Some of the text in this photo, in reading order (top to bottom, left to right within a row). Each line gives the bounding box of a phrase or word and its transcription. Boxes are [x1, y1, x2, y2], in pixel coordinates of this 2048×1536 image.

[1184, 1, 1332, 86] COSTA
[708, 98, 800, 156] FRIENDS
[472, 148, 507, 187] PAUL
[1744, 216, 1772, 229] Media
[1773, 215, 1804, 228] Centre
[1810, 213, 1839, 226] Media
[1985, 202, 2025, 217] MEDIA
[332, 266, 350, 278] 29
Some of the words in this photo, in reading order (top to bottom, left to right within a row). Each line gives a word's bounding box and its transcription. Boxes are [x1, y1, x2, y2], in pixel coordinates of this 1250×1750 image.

---

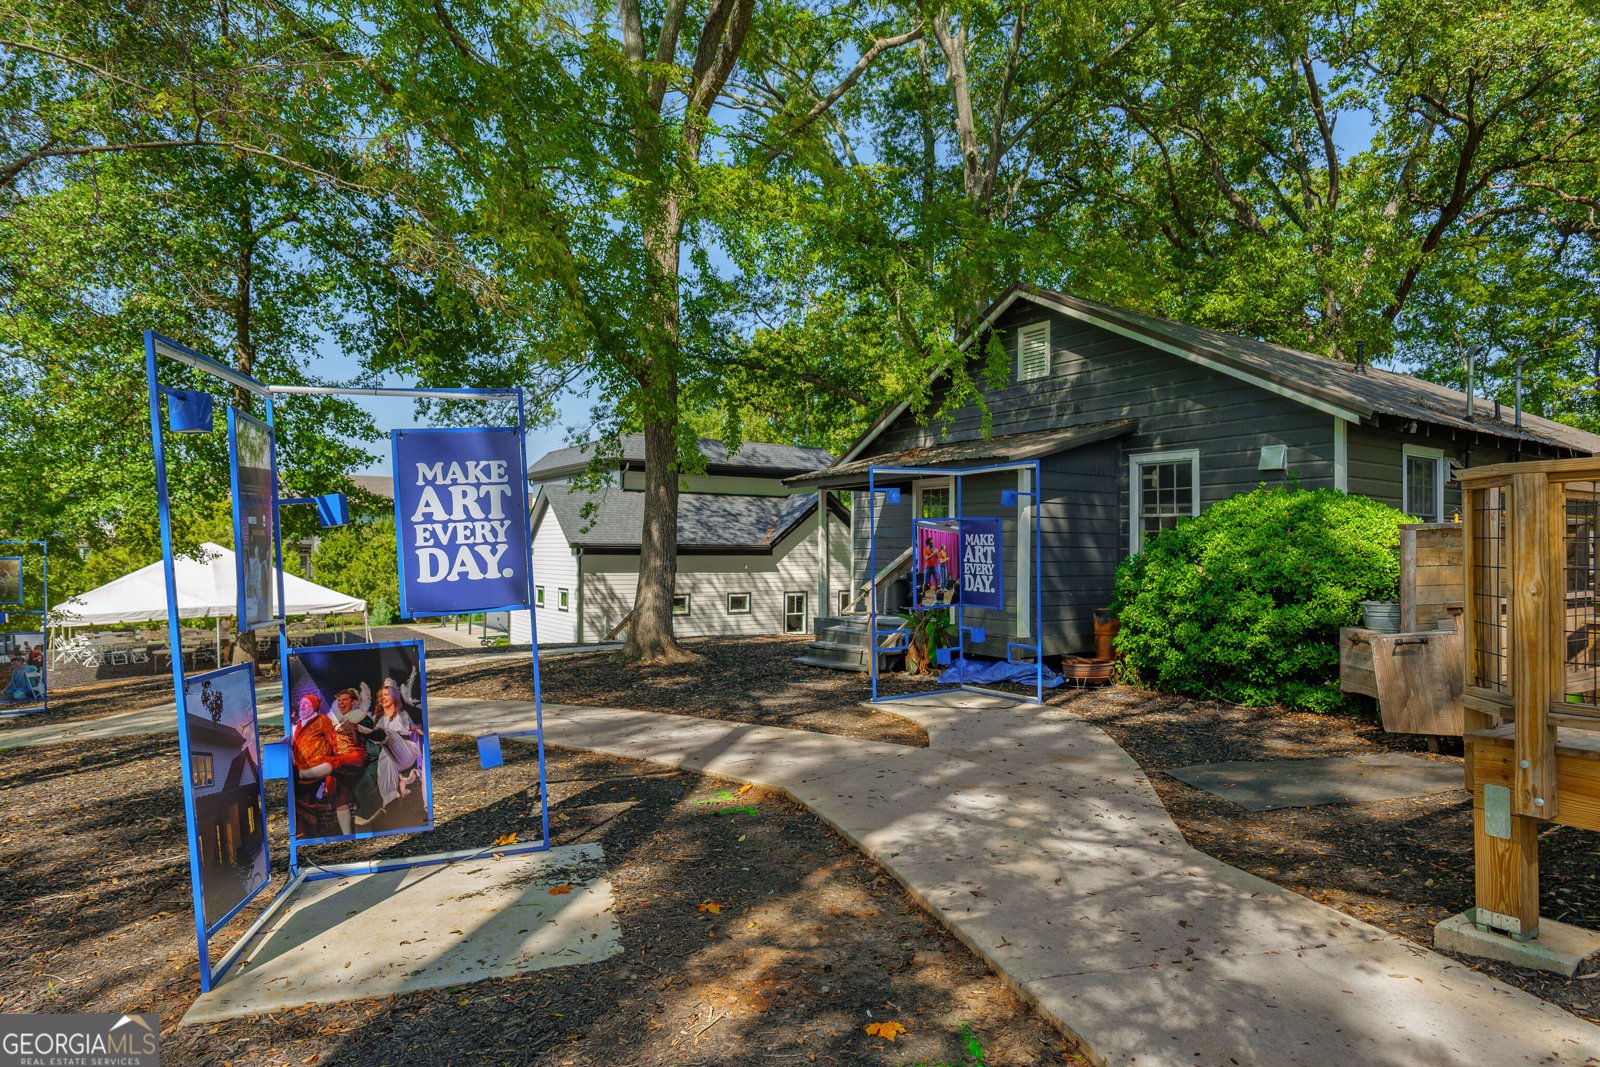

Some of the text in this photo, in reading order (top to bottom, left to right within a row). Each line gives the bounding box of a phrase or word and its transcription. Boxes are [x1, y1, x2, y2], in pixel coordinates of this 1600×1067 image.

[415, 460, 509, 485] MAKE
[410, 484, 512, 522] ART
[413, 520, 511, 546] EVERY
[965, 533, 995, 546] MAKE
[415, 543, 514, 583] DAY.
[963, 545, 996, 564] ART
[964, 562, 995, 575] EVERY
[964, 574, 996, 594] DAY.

» What is being asked
Could you set down, exactly as written, the lines above between the one holding "this 2048×1536 image." and the one holding "Some of the words", inclusive, and nothing more?

» Solution to the problem
Some of the text in this photo, in reading order (top to bottom, left to right within a row). Each line gives the bounding box of a phrase or word and its transcription. Boxes are [x1, y1, x2, y2], in pixel coordinates of this 2048×1536 image.

[1184, 1, 1332, 86] COSTA
[708, 98, 800, 156] FRIENDS
[472, 148, 507, 187] PAUL
[1744, 216, 1772, 229] Media
[1773, 215, 1804, 228] Centre
[1810, 213, 1839, 226] Media
[1985, 202, 2025, 217] MEDIA
[332, 266, 350, 278] 29
Some of the words in this photo, in reading order (top to bottom, left to right within a row). Each line gives a word's bounding box and its transcription. Boxes are [x1, y1, x2, y2], in pixel coordinates of this 1250×1750 image.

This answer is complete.